→ EXERCISE MATERIALS
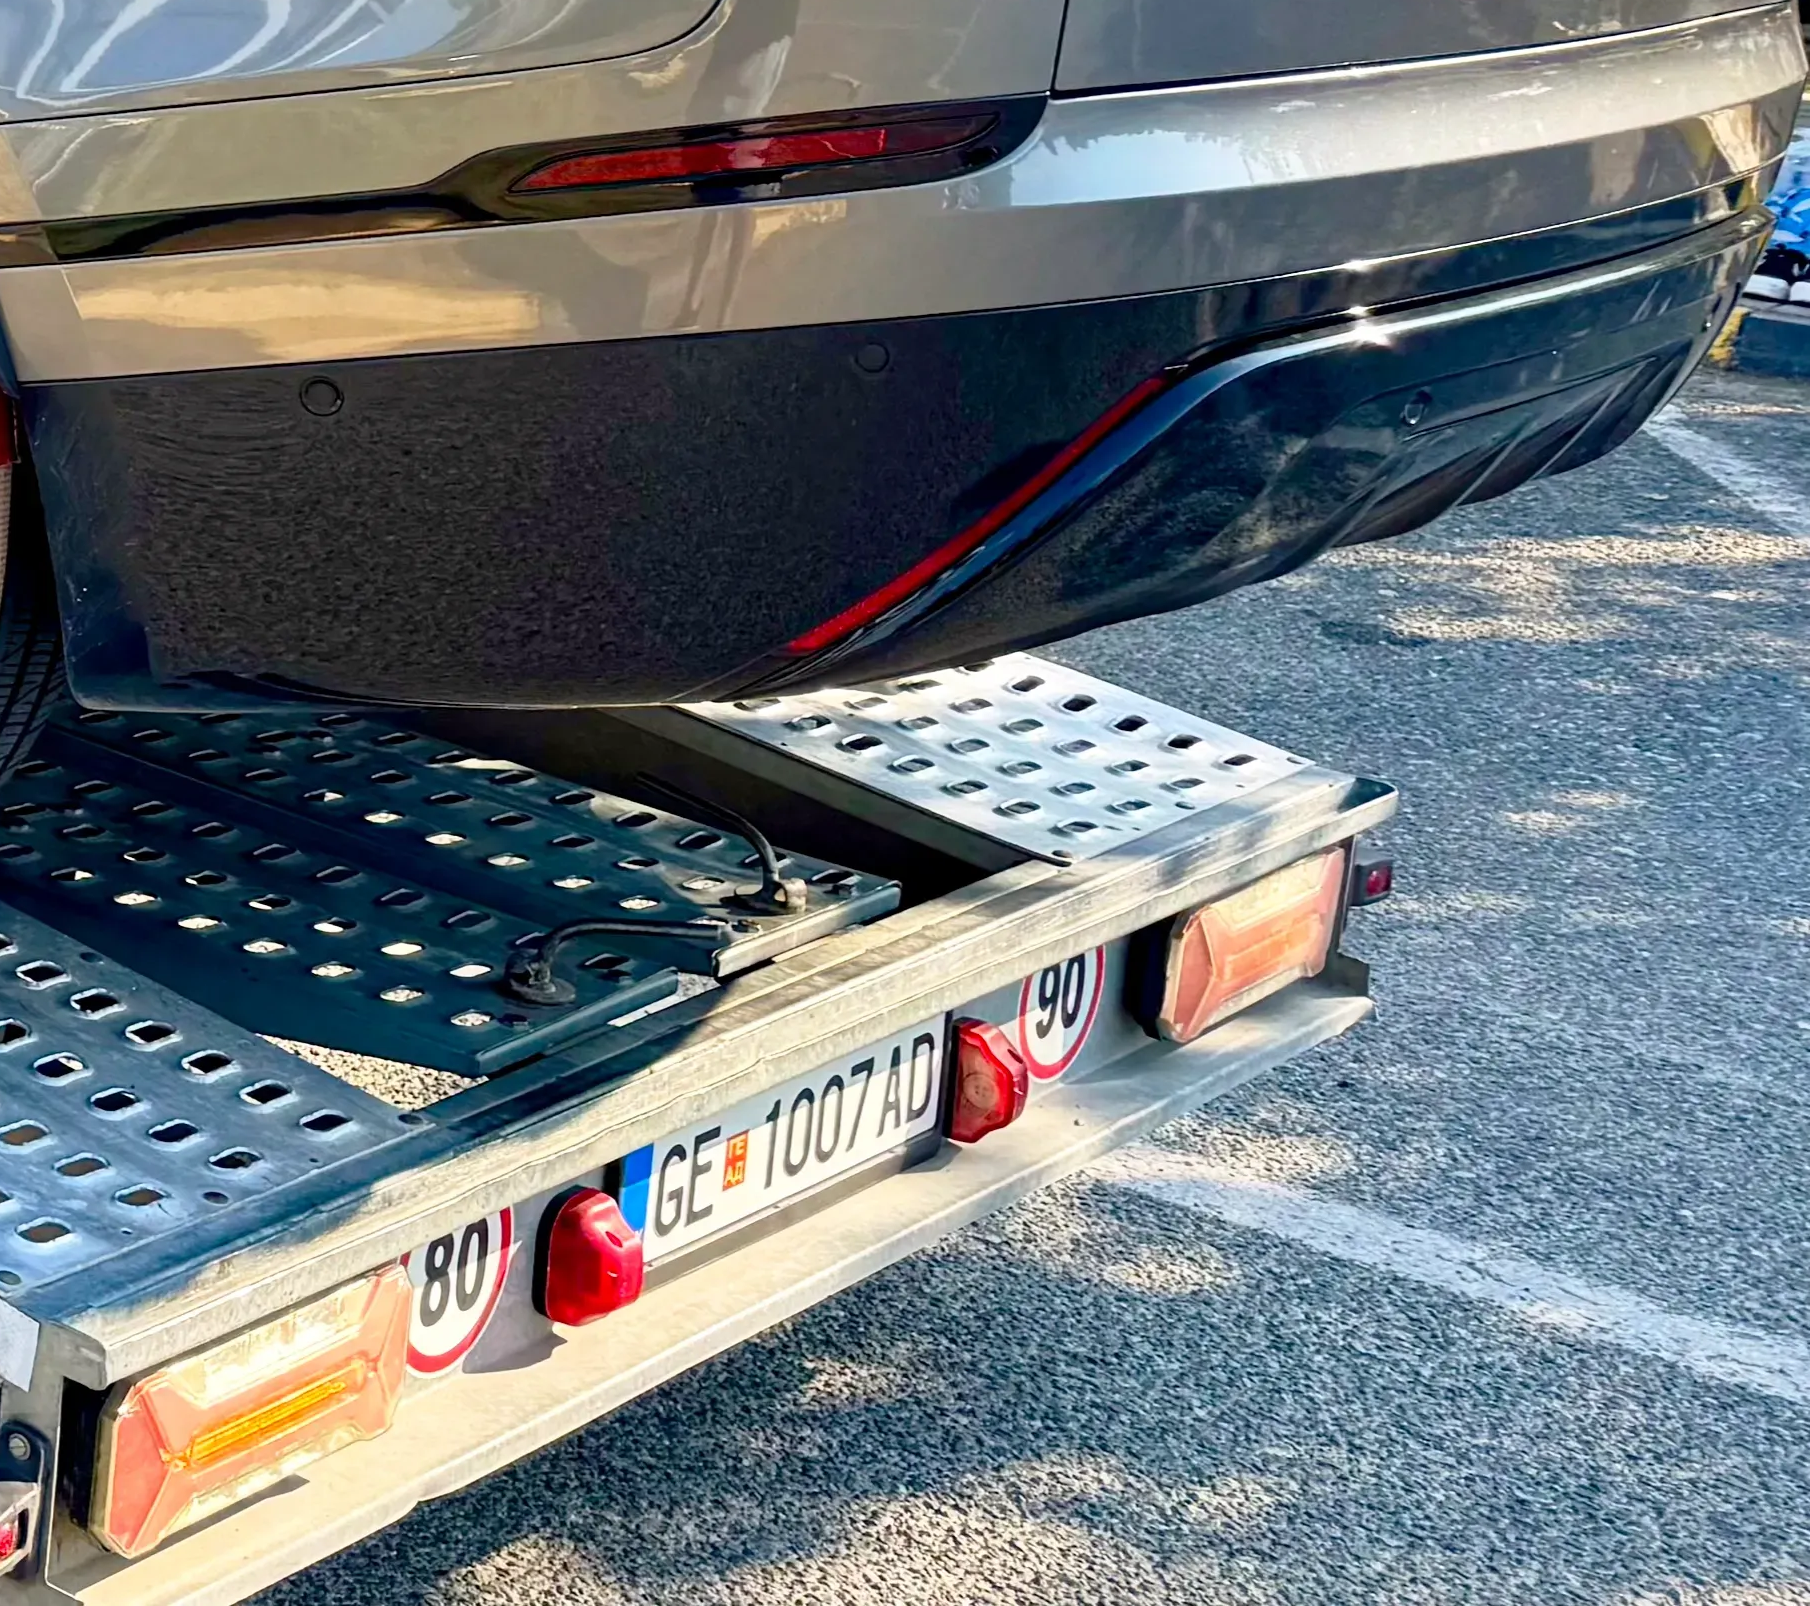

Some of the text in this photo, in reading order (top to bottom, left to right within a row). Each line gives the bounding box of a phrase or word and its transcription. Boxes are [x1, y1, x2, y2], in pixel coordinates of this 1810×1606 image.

[1036, 953, 1086, 1039] 90
[654, 1125, 721, 1237] GE
[420, 1218, 489, 1328] 80
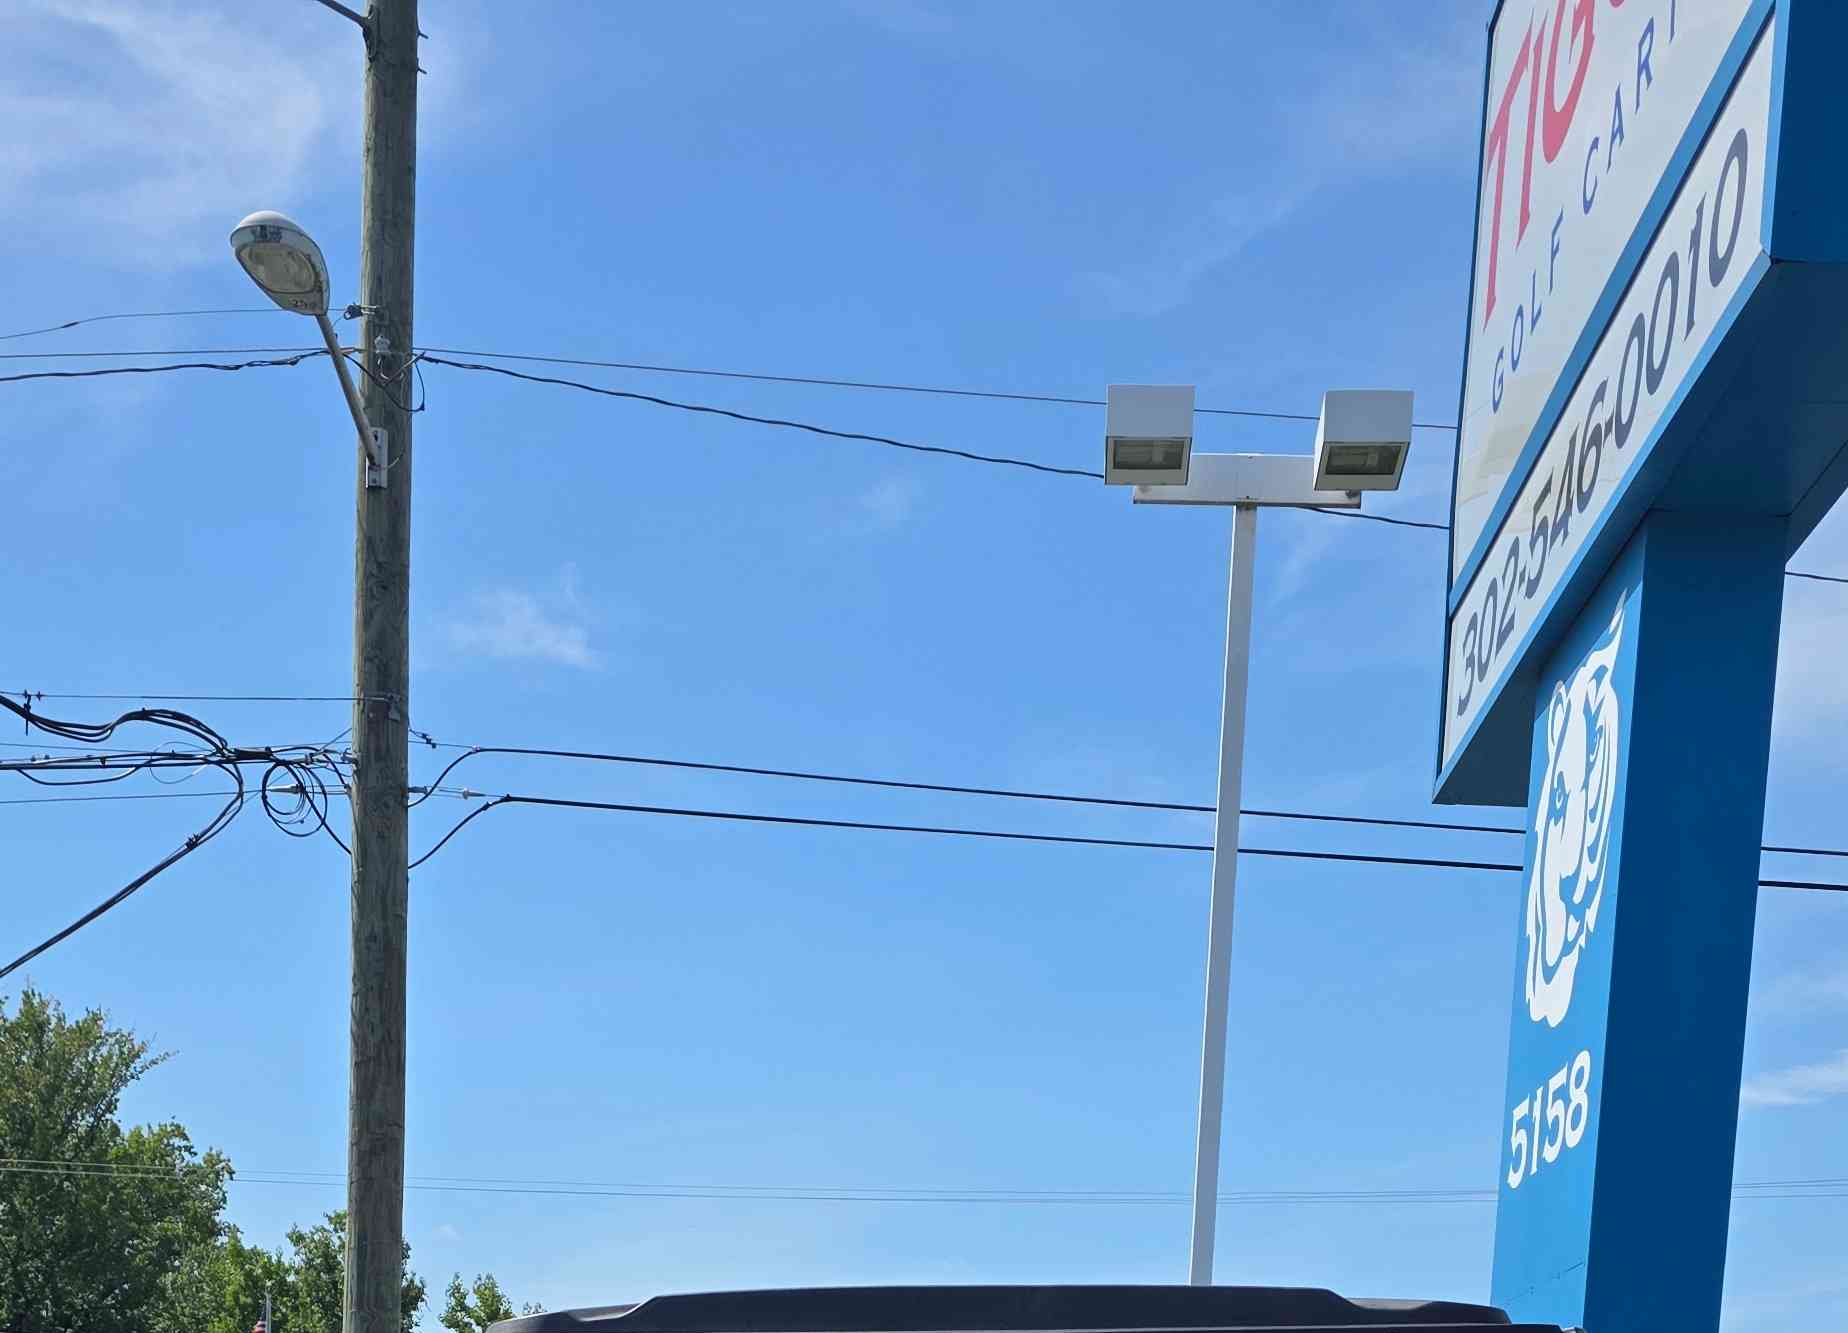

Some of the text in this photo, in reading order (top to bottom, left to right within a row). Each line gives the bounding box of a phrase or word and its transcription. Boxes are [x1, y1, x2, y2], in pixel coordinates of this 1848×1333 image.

[1484, 0, 1624, 334] TIG
[1457, 128, 1749, 717] 302-546-0010
[1492, 204, 1563, 414] GOLF
[1507, 1050, 1591, 1189] 5158

→ WORK REQUIRED
Output the data exactly. Leave every picture out.

→ EXERCISE SOLUTION
Some of the text in this photo, in reading order (top to bottom, left to right within a row). Each line gives the bounding box of a phrase or word and its transcription. Boxes are [x1, y1, x2, y2], in pixel coordinates of this 1810×1606 image.

[1036, 953, 1086, 1039] 90
[654, 1125, 721, 1237] GE
[420, 1218, 489, 1328] 80

Some of the text in this photo, in reading order (top to bottom, left to right within a row). Each line gives the bounding box of a phrase or word and its transcription. Boxes are [x1, y1, x2, y2], in pixel coordinates of this 1848×1333 image.

[1484, 0, 1624, 334] TIG
[1457, 128, 1749, 717] 302-546-0010
[1492, 204, 1563, 414] GOLF
[1507, 1050, 1591, 1189] 5158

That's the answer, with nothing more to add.